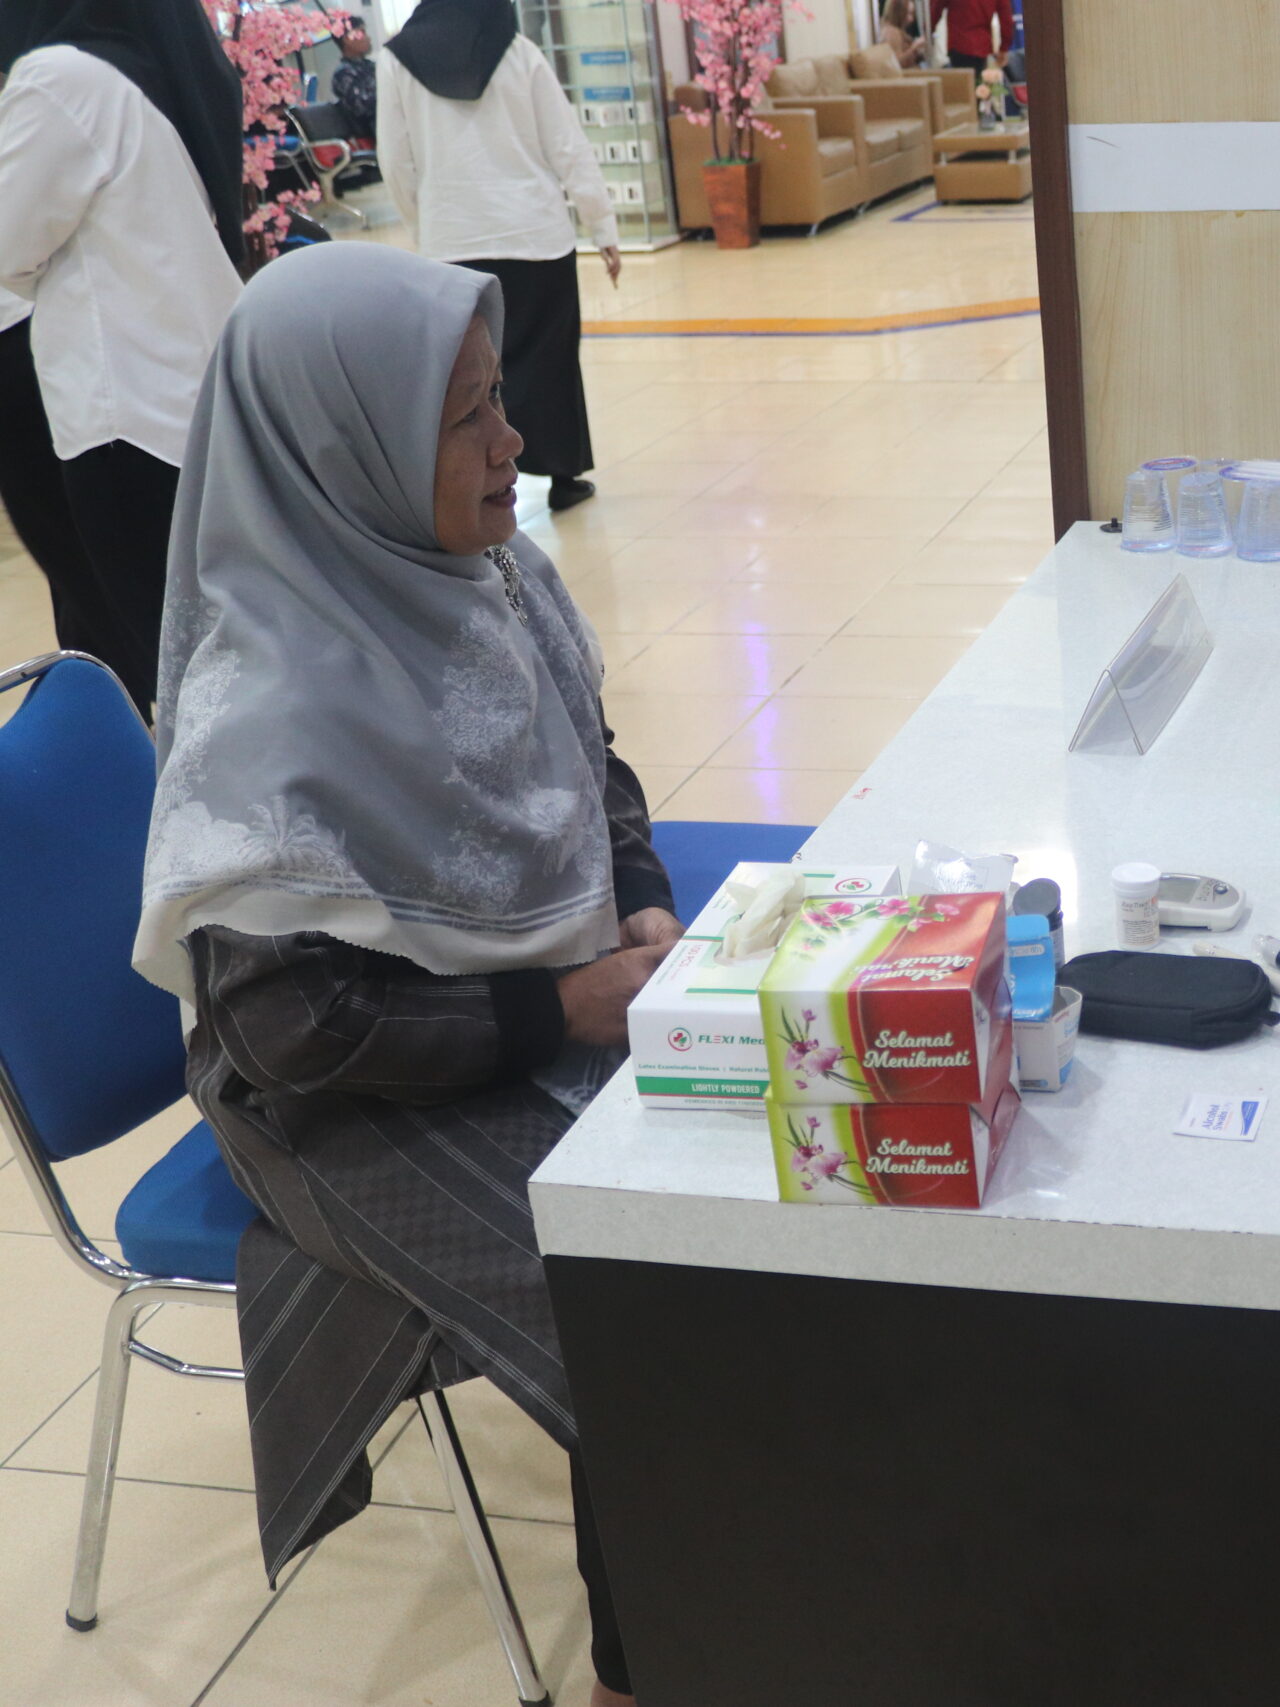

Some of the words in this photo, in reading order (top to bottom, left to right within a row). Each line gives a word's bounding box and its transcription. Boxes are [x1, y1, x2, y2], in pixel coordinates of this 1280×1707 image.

[697, 1034, 735, 1045] FLEXI
[874, 1030, 954, 1048] Selamat
[862, 1050, 971, 1068] Menikmati
[691, 1083, 719, 1093] LIGHTLY
[721, 1084, 761, 1094] POWDERED
[877, 1138, 953, 1156] Selamat
[866, 1156, 970, 1175] Menikmati
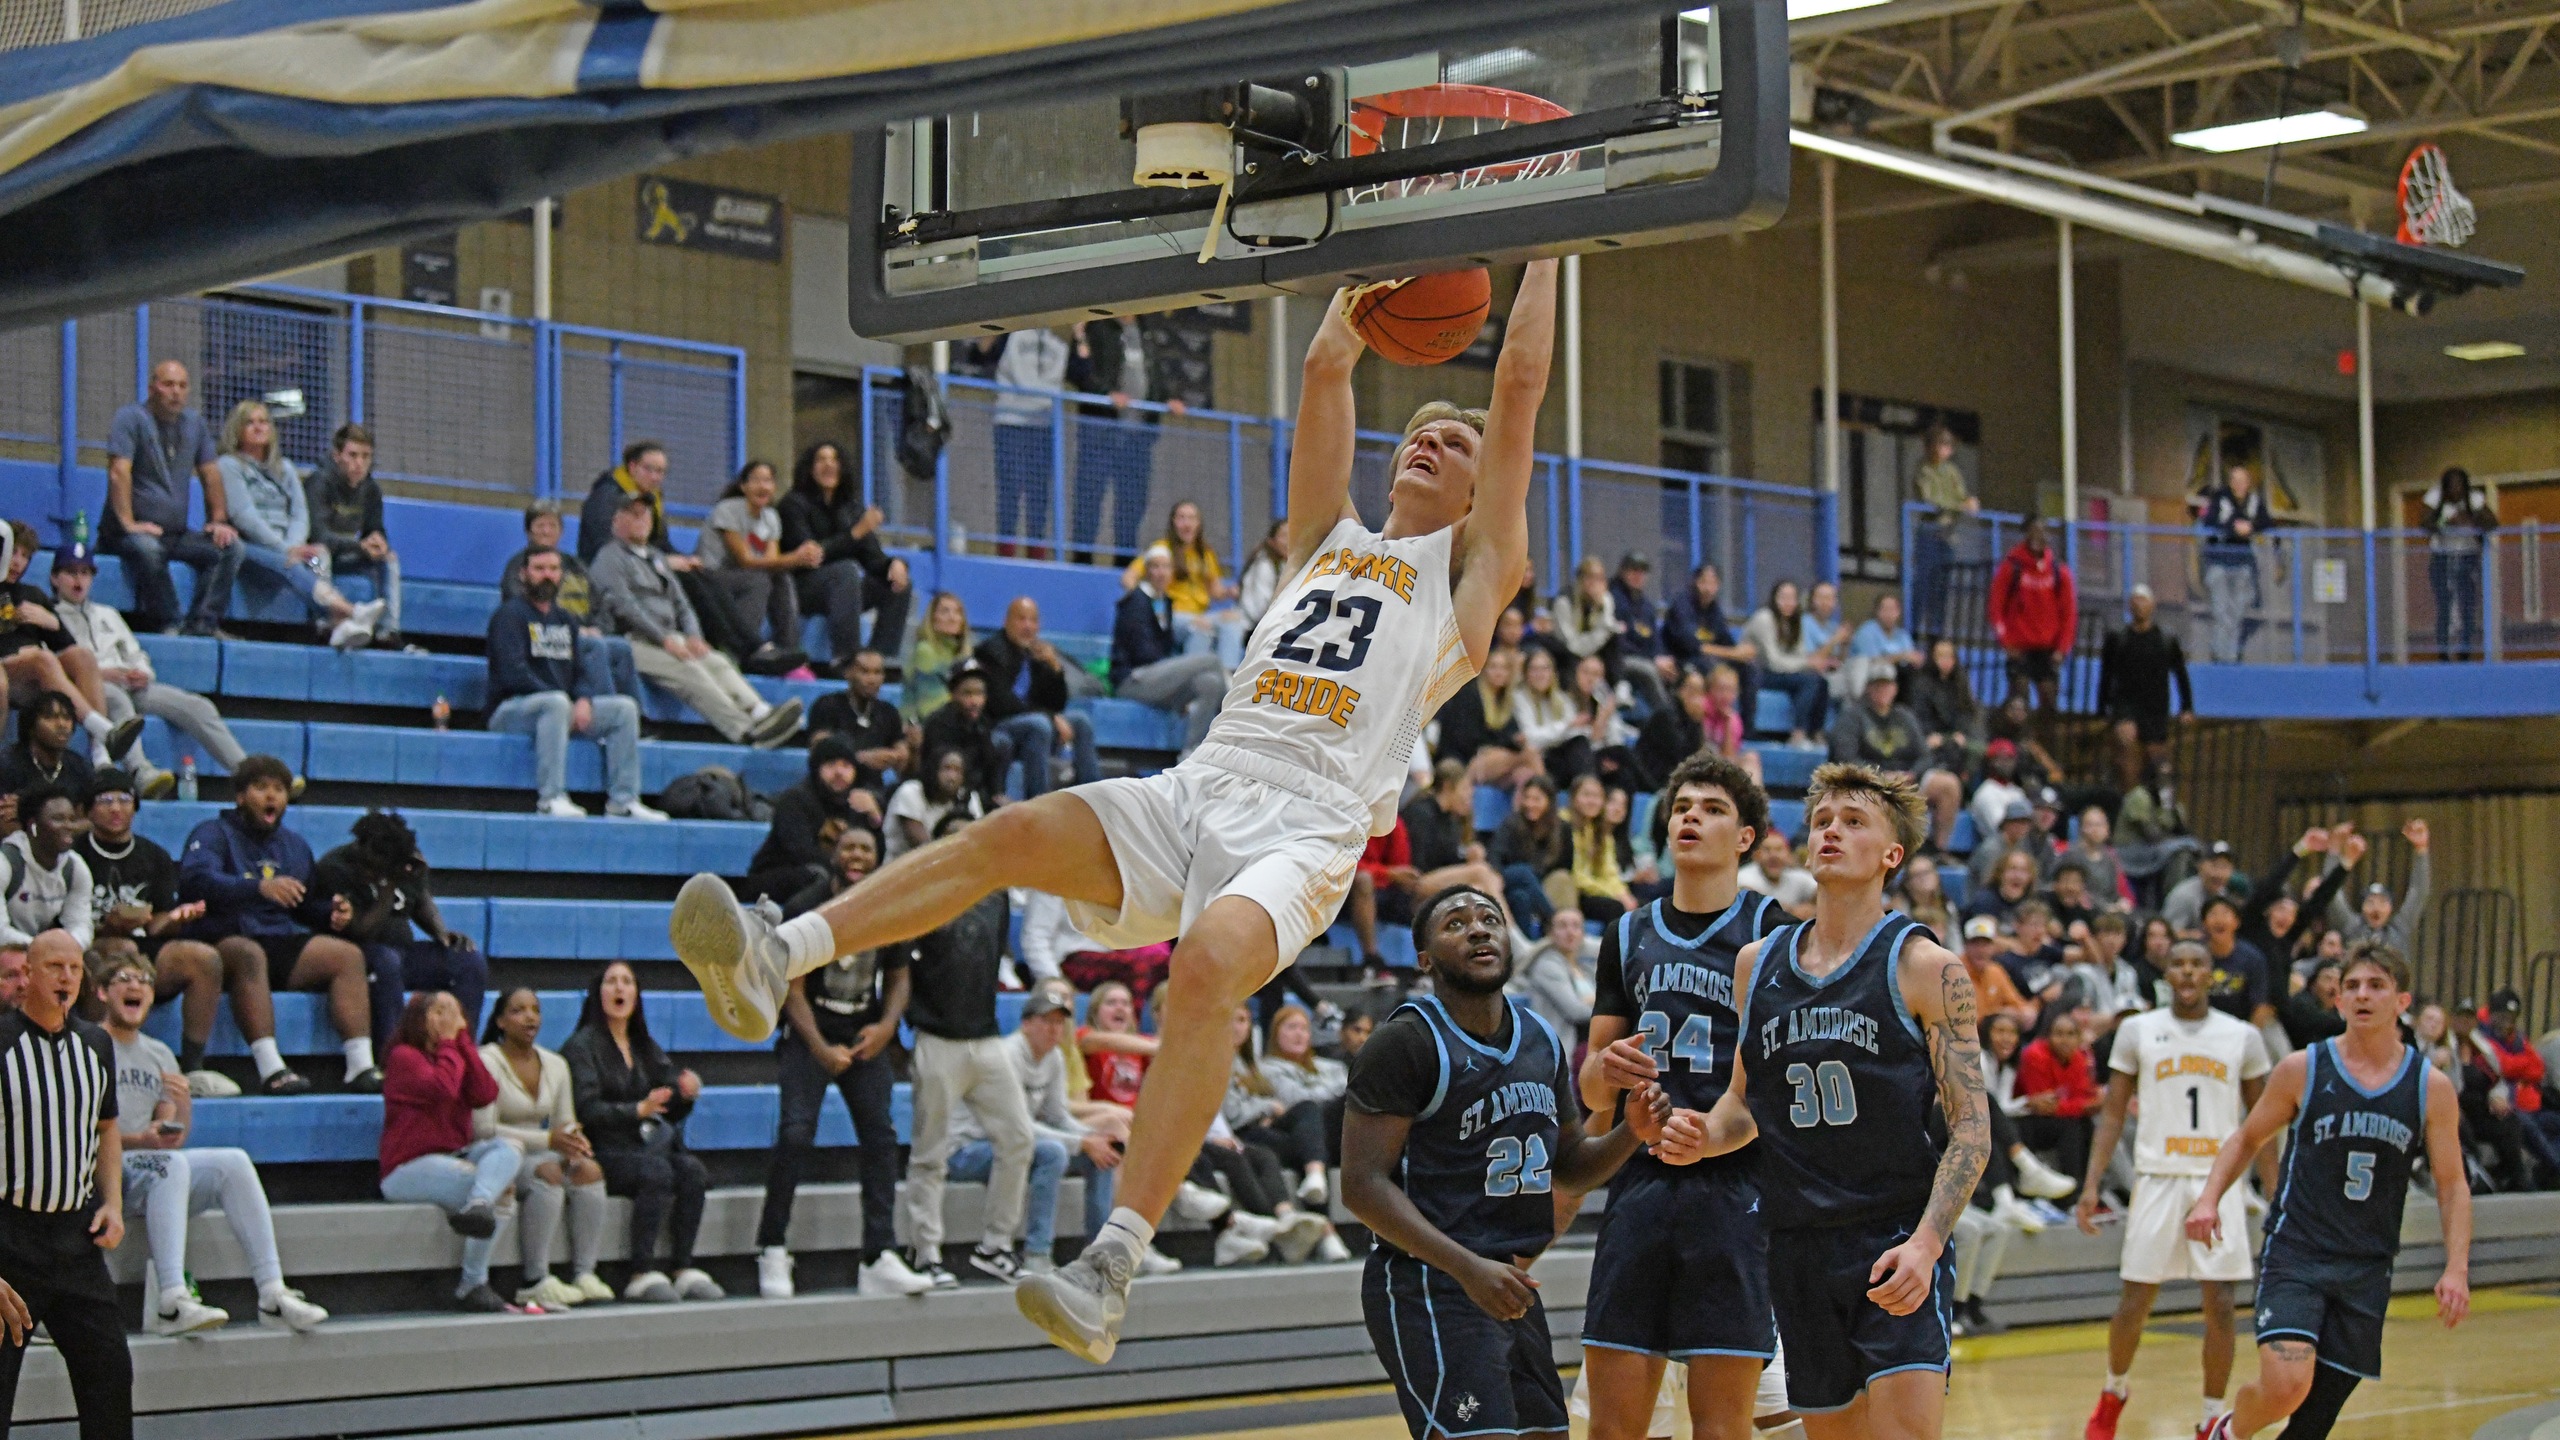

+-------+

TASK INSTRUCTIONS:
Leave the pictures out, and transcribe each of the records exactly.

EXERCISE OUTPUT:
Some of the words in this photo, in reading order (top to bottom, left to right within a row). Each line gives a word's bounding box and its transcription. Boxes are [x1, y1, x2, y2], in pixel coordinates of this 1280×1707 image.

[697, 1034, 735, 1045] FLEXI
[874, 1030, 954, 1048] Selamat
[862, 1050, 971, 1068] Menikmati
[691, 1083, 719, 1093] LIGHTLY
[721, 1084, 761, 1094] POWDERED
[877, 1138, 953, 1156] Selamat
[866, 1156, 970, 1175] Menikmati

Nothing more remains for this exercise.